Ghost Bride by Yangsze Choo was chosen because we all loved her Night Tiger, which was chosen because we all have a deficit in our Asian/Asian American authored books repertoire, and we wanted to rectify that.
Kate and I were thinking that maybe some of you need recommendations for Asian American authors like we do, so we decided to take the month of May to introduce you to some of our favorites while asking you to tell us about some of your favorites!
I was in the 11th grade when I read The Joy Luck Club. I remember loving it. I remember my teacher making a very specific point to add authors of color into our American Lit class (while still a novel idea in 2022, it was even more so then).
When I entered college in 1996, I again was lucky; I was required to take a class called Ethnic Literature (sure the name could have been better), but the class was right on. We confronted our own privilege; my professor shattered the whitewashed history we were previously taught; we explored different cultures and the literary devices used to convey those stories. The first Asian American book I read in that class was called Women Warrior.
The Joy Luck Club by Amy Tan and Woman Warrior by Maxine Hong Kingston are two books that will stick with me forever.
I am not sure that these two books should be paired, but they are paired in my head as they are the first two I read by Asian American authors. And they do share similarities. They are both written in a memoir style. They both address children of immigrants. And they both focus on the importance of language and culture. And of course they are both written in sections that can be excerpted.
I also read Donald Duk by Frank Chin in this college class. This is a great coming of age novel, and a constant struggle for our twelve year old protagonist is his name, Donald Duk, a name which his parents King and Daisy Duk are very proud of. The book explores the generation gap, especially that of immigrant parents and their first generation American children.
After these first three books by Asian American authors, I was excited to read more and expanded the definition of Asian.
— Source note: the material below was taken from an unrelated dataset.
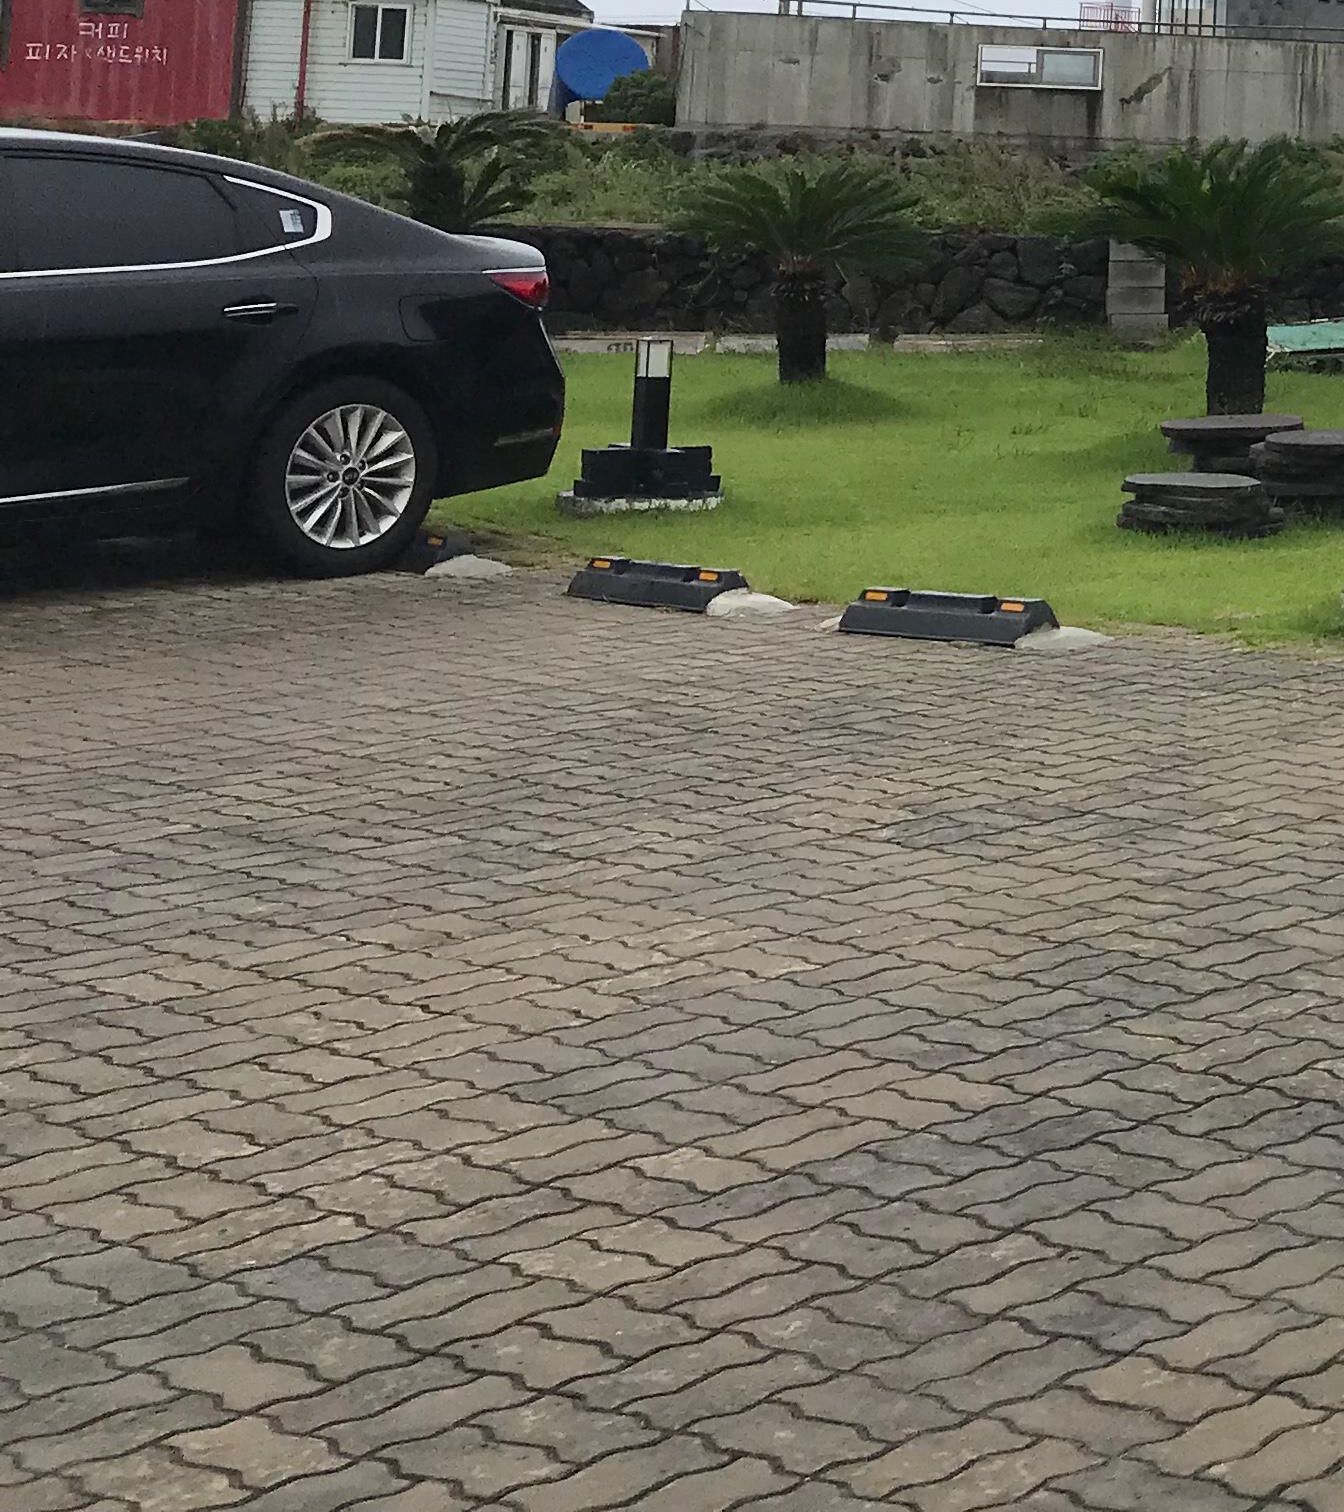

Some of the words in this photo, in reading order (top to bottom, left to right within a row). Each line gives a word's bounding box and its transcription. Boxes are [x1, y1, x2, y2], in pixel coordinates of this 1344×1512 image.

[78, 22, 129, 39] 커피
[24, 43, 78, 63] 피자
[96, 44, 168, 66] 샌드위치
Khaled Hosseini’s The Kite Runner and A Thousand Splendid Sun are on this list of my favorites because they are also from my favorite genre, historical fiction. Nothing makes me feel dumber than learning I know nothing about the world. The Kite Runner is a beautiful and violent story of tragedy, politics, coming of age and forgiveness set in Afghanistan spanning from before Russian rule, through Russian rule, into the rise of the Taliban. A Thousand Splendid Suns illustrates the life of women and girls under the Taliban during the contemporary era. These are not for the faint of heart; some of the very realistic violence sticks with me, but I am thankful for those vivid memories that help remind me regularly the suffering and survival of people.
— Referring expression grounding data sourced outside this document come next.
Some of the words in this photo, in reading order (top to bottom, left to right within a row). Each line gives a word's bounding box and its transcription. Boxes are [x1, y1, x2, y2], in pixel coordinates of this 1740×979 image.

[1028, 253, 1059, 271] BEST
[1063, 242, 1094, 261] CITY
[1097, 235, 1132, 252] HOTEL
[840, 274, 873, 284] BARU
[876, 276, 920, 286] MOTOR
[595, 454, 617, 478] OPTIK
Namesake and The Interpreter of Maladies by Jhumpa Lahiri, an Indian American author, are about Indian and Indian American families, friends and lovers. Lahiri has been celebrated for giving diversity to Indian and Indian Americans through her stories. The Interpreter of Maladies won the Pulitzer Prize for Literature in 2000.
There are others on our list, and just because I did not write about them does not mean they are not worthy. These specific ones, I chose because they changed me in a way, maybe because of when I read them in my life, maybe because of the book, maybe a little of both.
Kate is a lover of Celeste Ng-- if she liked writing blogs as much I as I do, she would love to tell you about her books. So take it from me--if Kate says they are good, they are good!
Here are some other books we can recommend
Our book club read and enjoyed The Leavers by Lisa Ko.
After reading The Joy Luck Club, I rushed out to read The Kitchen God’s Wife; loved it.
The Night Tiger is a great mix of Chinese and Malaysian culture with a lot of mystery.
Good Talk is a graphic novel. It is a great story and the illustrations are mixed media, a bit of a different take on the graphic novel.
Share with us some of your favorite books/stories by Asian American and Pacific Islanders!